## PROBLEM TO SOLVE
Excluding all pictures, please output the listing exactly.
--- RECORDS SHOWN ---
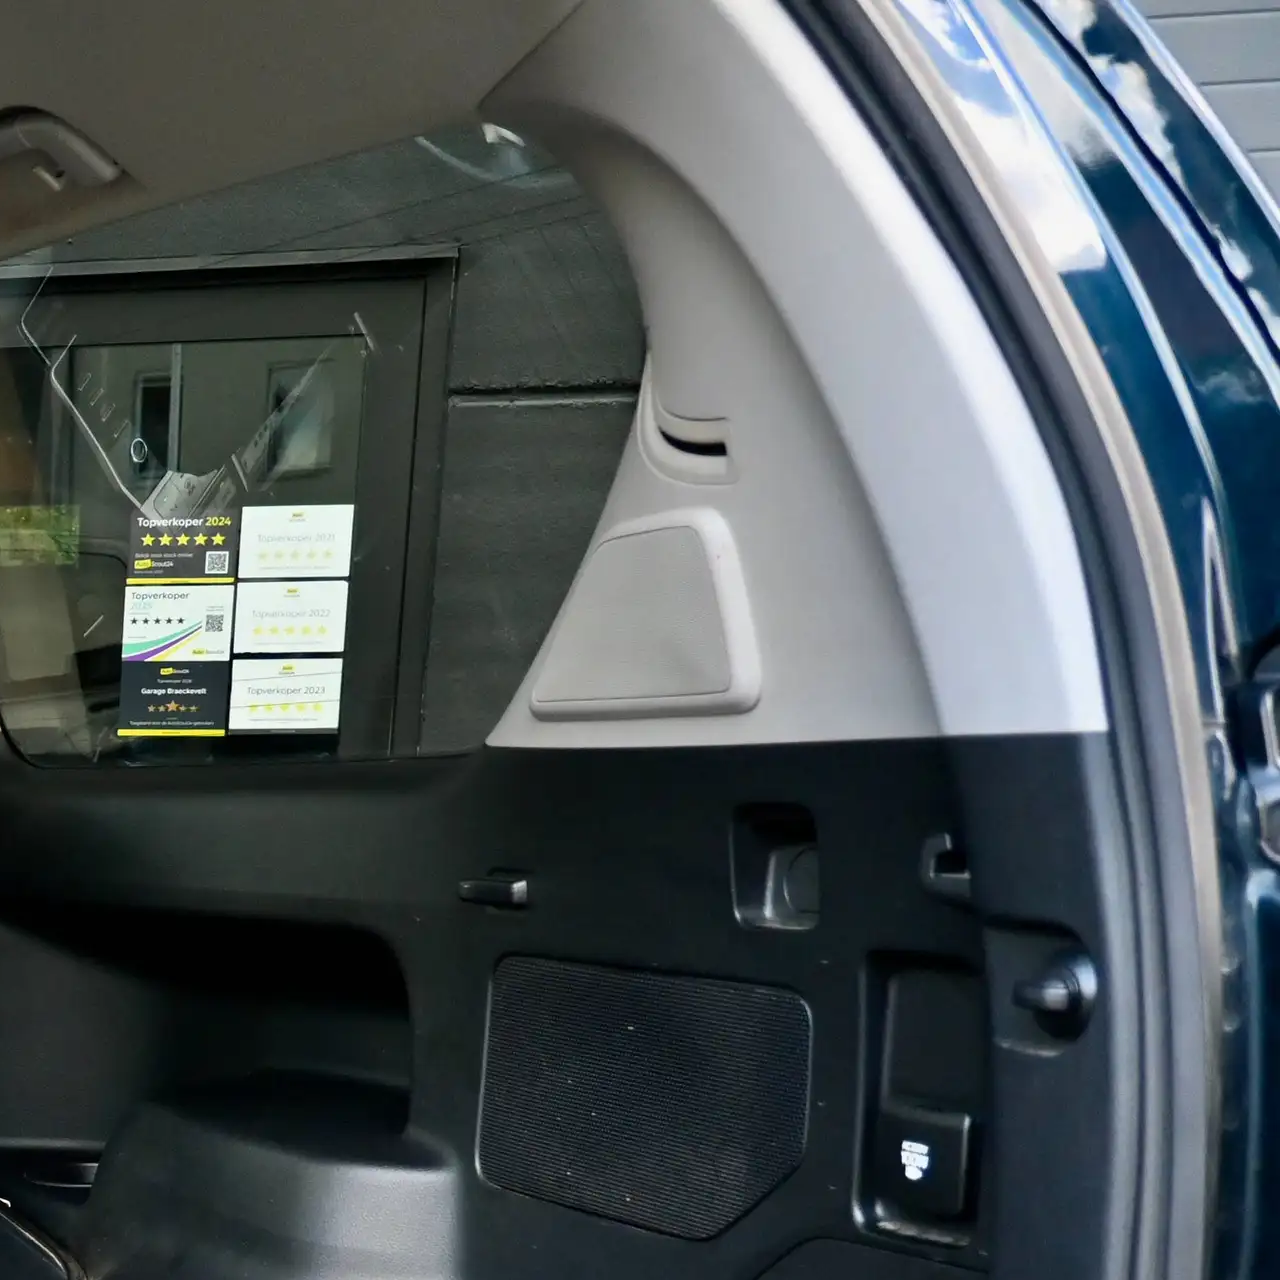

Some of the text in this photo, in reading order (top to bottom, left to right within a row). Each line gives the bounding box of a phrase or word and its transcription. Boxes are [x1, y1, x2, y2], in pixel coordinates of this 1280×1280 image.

[137, 516, 232, 528] Topverkoper 2024
[131, 591, 190, 600] Topverkoper
[308, 608, 331, 617] 2022
[247, 685, 326, 695] Topverkoper 2023
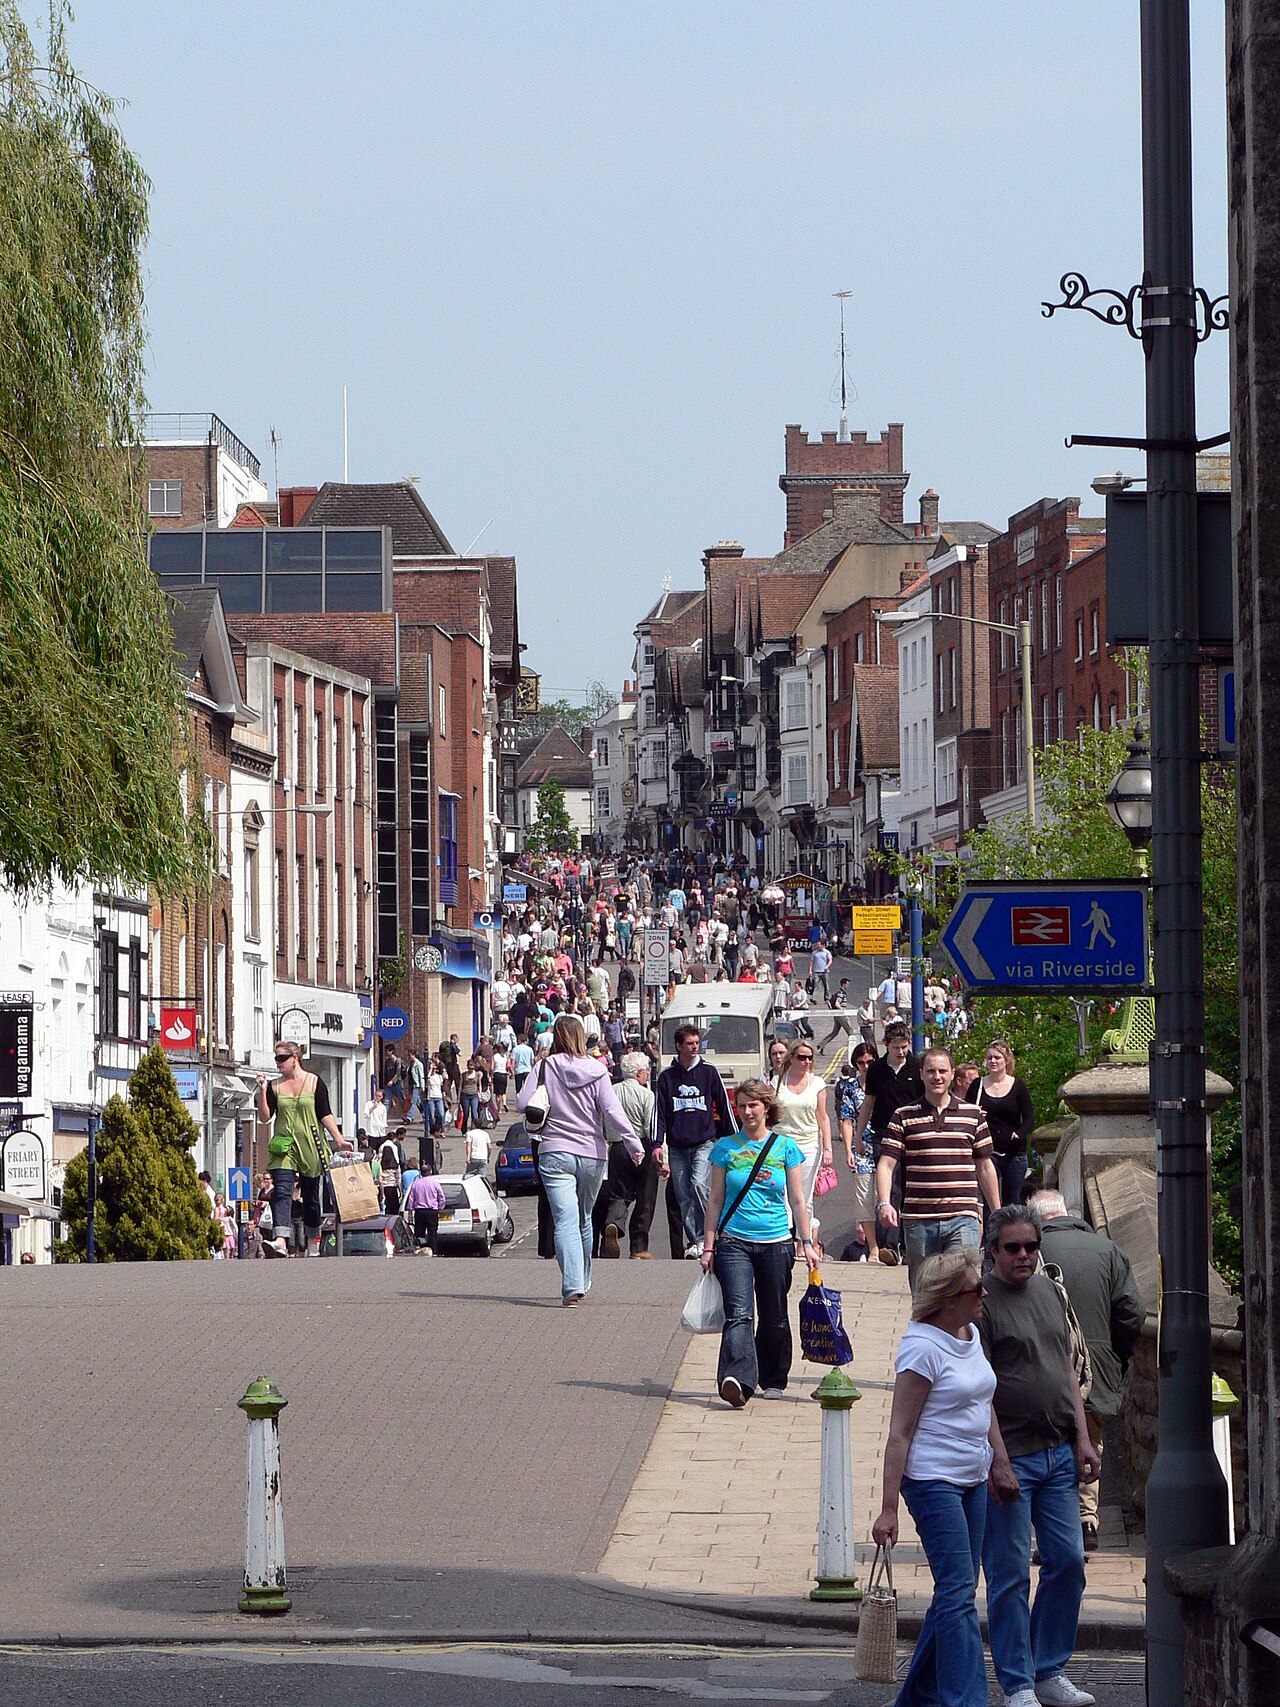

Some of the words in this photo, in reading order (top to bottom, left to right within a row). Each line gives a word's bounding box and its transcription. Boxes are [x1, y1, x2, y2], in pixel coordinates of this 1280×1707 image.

[1006, 961, 1034, 978] via
[1042, 960, 1136, 978] Riverside
[381, 1018, 404, 1027] REED
[17, 1016, 31, 1094] wagamama
[7, 1150, 39, 1162] FRIARY
[7, 1166, 40, 1179] STREET
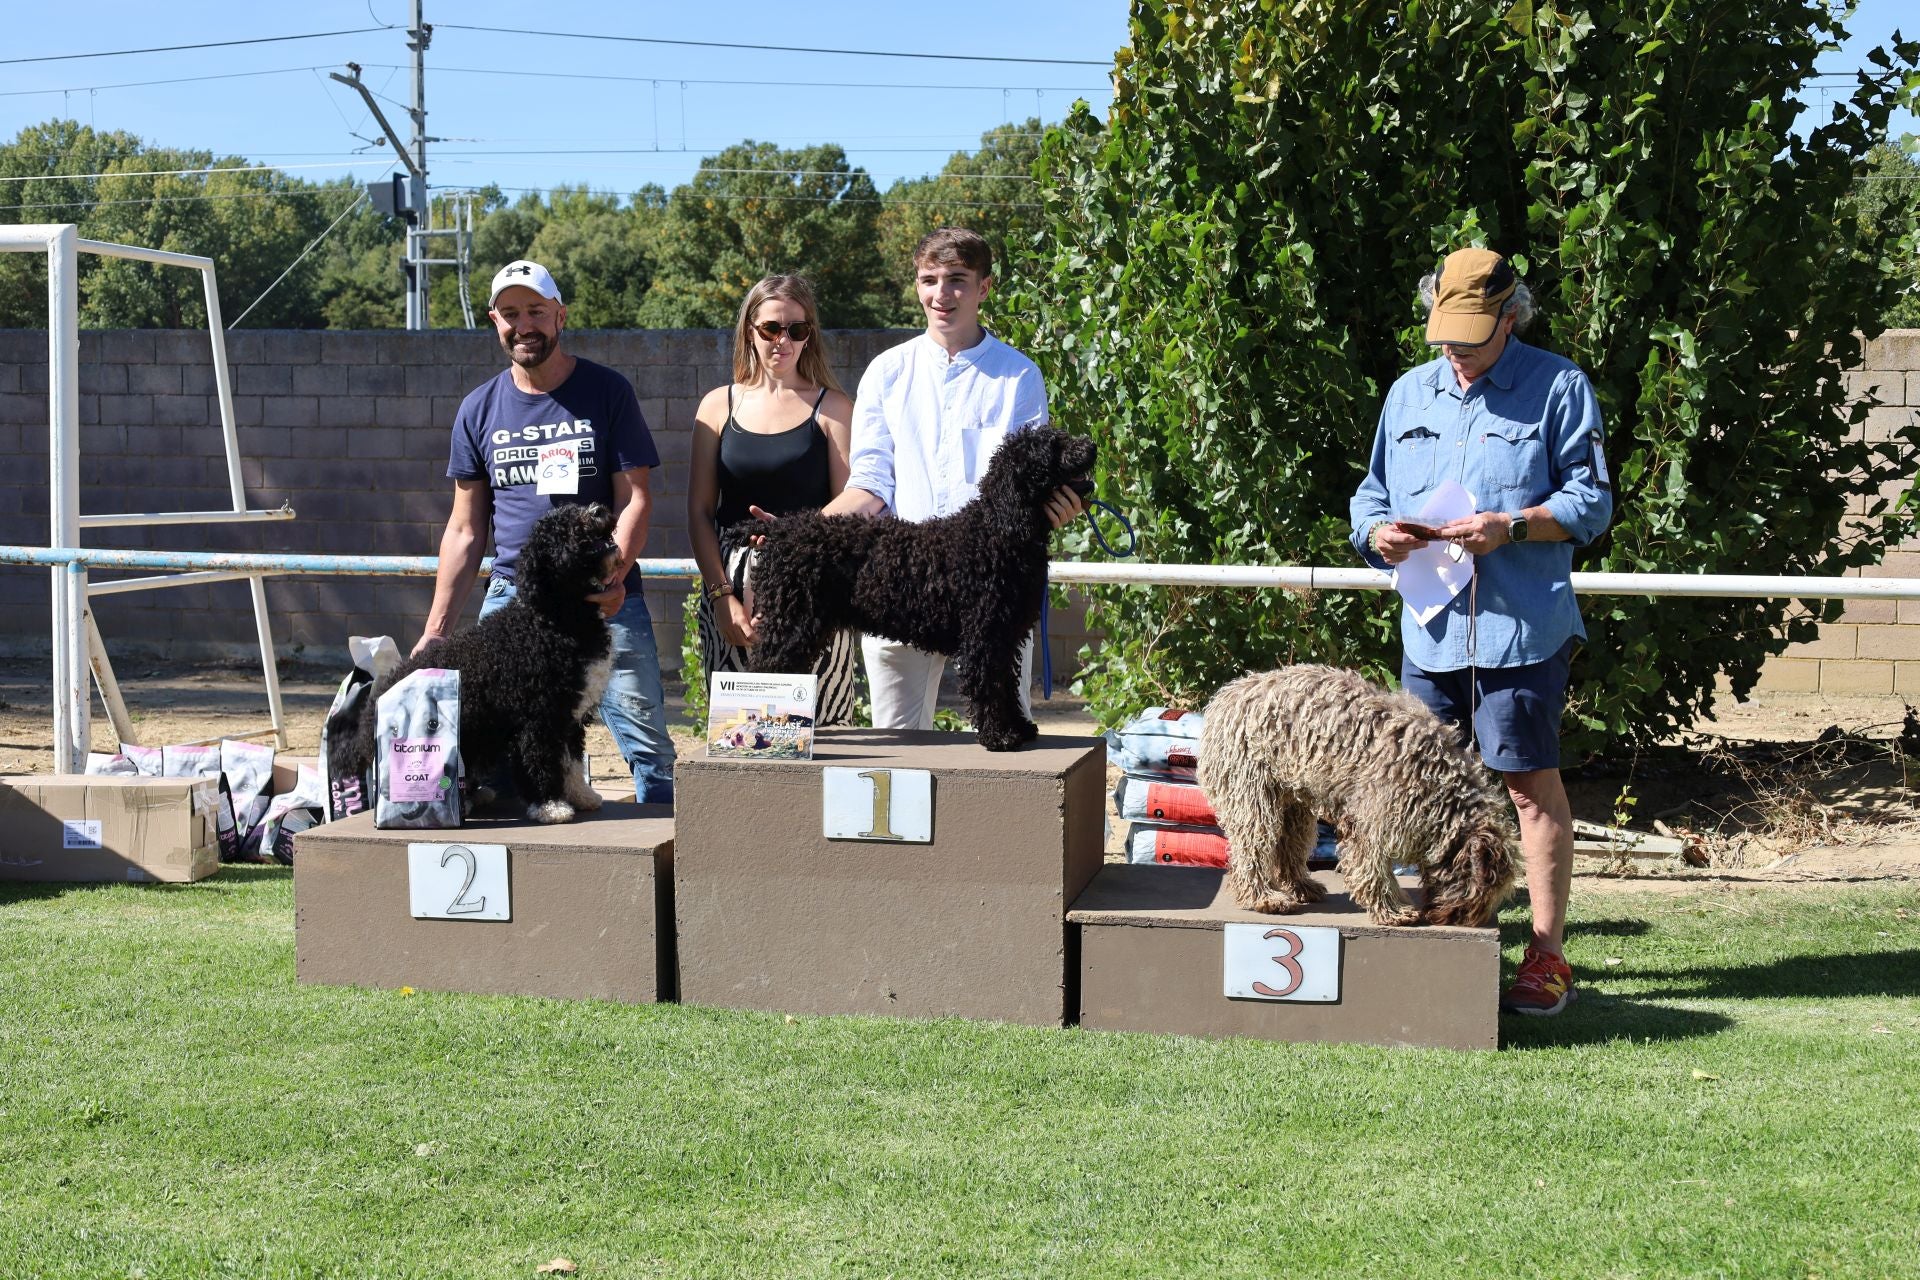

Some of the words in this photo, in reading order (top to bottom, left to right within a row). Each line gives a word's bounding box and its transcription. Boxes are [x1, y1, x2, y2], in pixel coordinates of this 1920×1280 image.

[492, 419, 593, 444] G-STAR
[496, 439, 592, 461] ORIGS
[541, 448, 575, 462] ARION
[494, 464, 540, 487] RAW
[543, 464, 569, 478] 63
[720, 681, 735, 690] VII
[773, 720, 801, 730] CLASE
[394, 743, 441, 753] titanium
[405, 773, 430, 782] GOAT
[331, 781, 342, 811] GOAT
[858, 769, 904, 840] 1
[440, 844, 486, 914] 2
[1252, 928, 1304, 997] 3
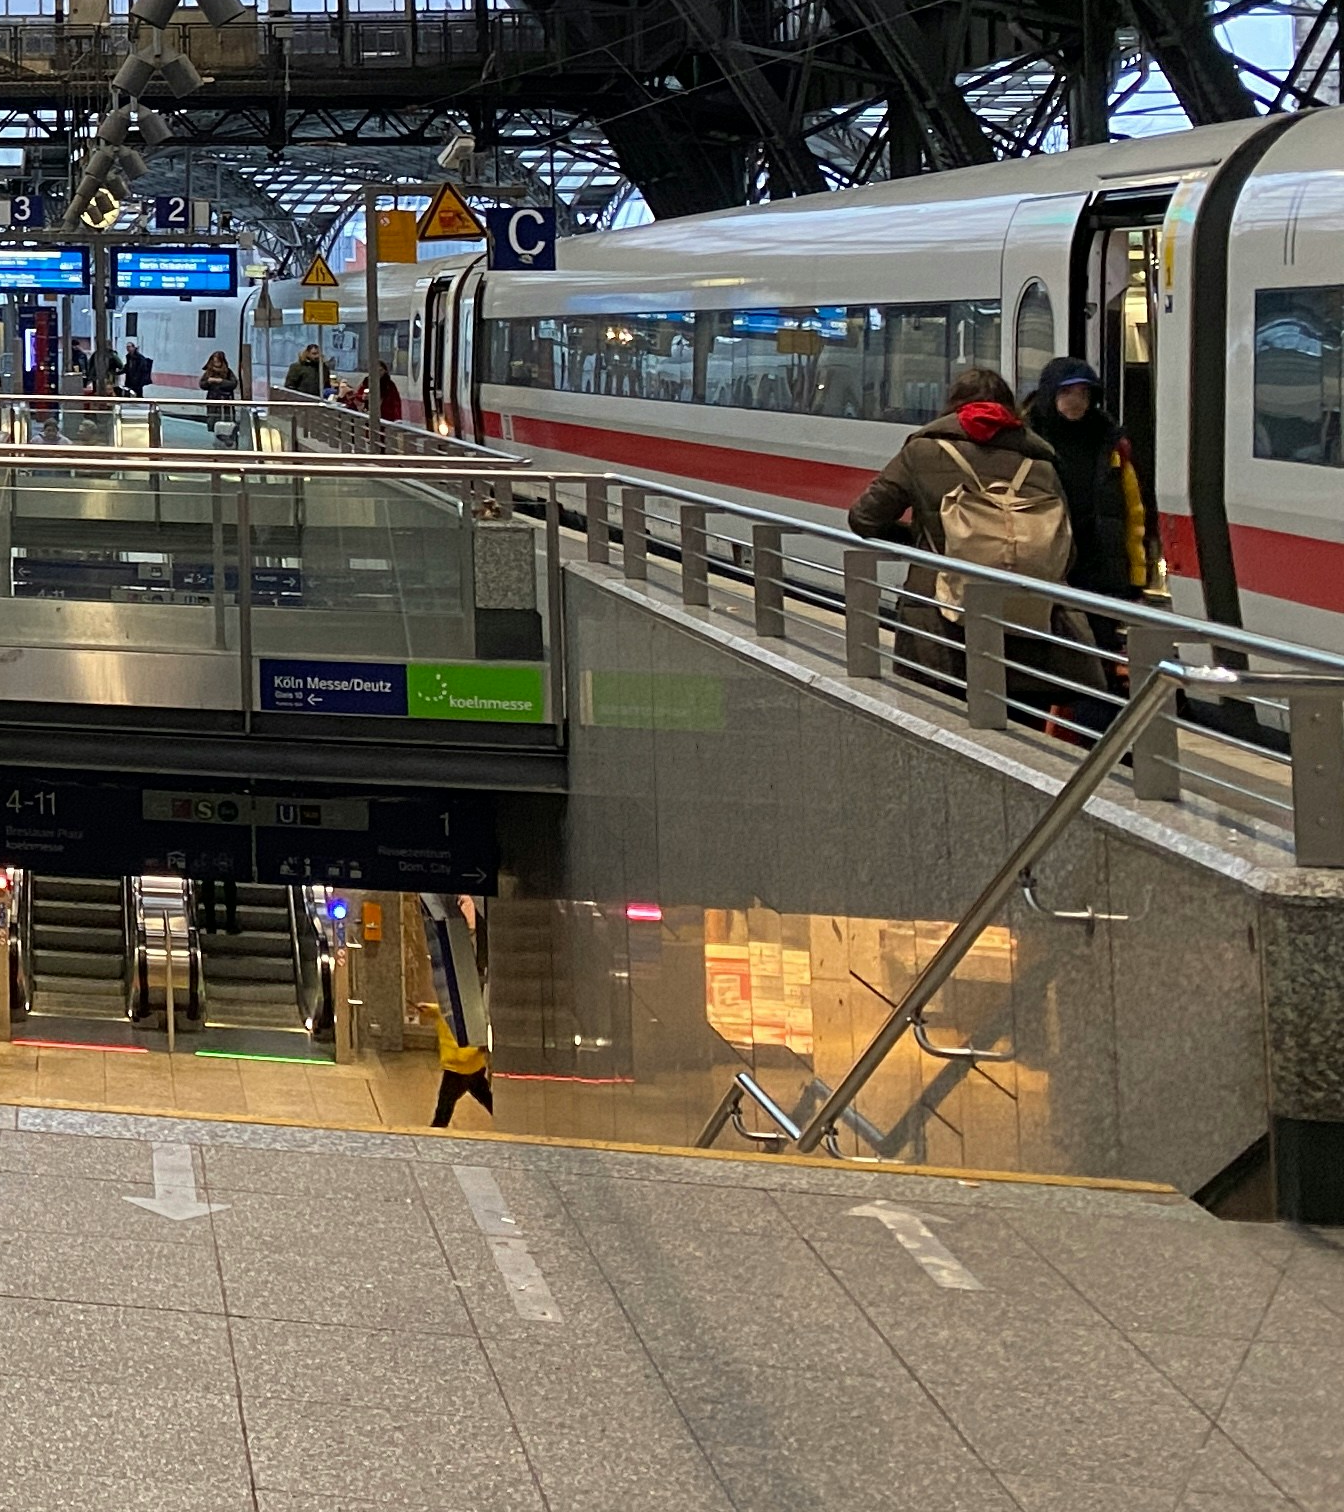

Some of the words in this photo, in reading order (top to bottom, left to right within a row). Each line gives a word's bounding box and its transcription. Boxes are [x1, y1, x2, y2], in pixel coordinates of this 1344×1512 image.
---
## OUTPUT
Some of the text in this photo, in reading order (top to bottom, left to right within a row). Each line gives the bounding box of a phrase or word and its transcription. Boxes are [x1, y1, x2, y2], in pixel coordinates of this 1280×1280 image.

[137, 516, 232, 528] Topverkoper 2024
[131, 591, 190, 600] Topverkoper
[308, 608, 331, 617] 2022
[247, 685, 326, 695] Topverkoper 2023

Some of the words in this photo, in reading order (top to bottom, left to right within a row). Each line gives a word's bounding box and its transcription. Boxes are [x1, y1, x2, y2], in pixel coordinates of this 1280×1707 image.

[1006, 961, 1034, 978] via
[1042, 960, 1136, 978] Riverside
[381, 1018, 404, 1027] REED
[17, 1016, 31, 1094] wagamama
[7, 1150, 39, 1162] FRIARY
[7, 1166, 40, 1179] STREET

Some of the words in this photo, in reading order (top to bottom, left to right within a row). Each line gives a word's bounding box and its transcription. Boxes are [x1, y1, x2, y2], in pixel coordinates of this 1920×1280 image.

[492, 419, 593, 444] G-STAR
[496, 439, 592, 461] ORIGS
[541, 448, 575, 462] ARION
[494, 464, 540, 487] RAW
[543, 464, 569, 478] 63
[720, 681, 735, 690] VII
[773, 720, 801, 730] CLASE
[394, 743, 441, 753] titanium
[405, 773, 430, 782] GOAT
[331, 781, 342, 811] GOAT
[858, 769, 904, 840] 1
[440, 844, 486, 914] 2
[1252, 928, 1304, 997] 3

Some of the words in this photo, in reading order (top to bottom, left to right within a row). Each line gives a word's bounding box and its transcription. Boxes are [x1, y1, x2, y2], in pixel coordinates of this 1344×1512 image.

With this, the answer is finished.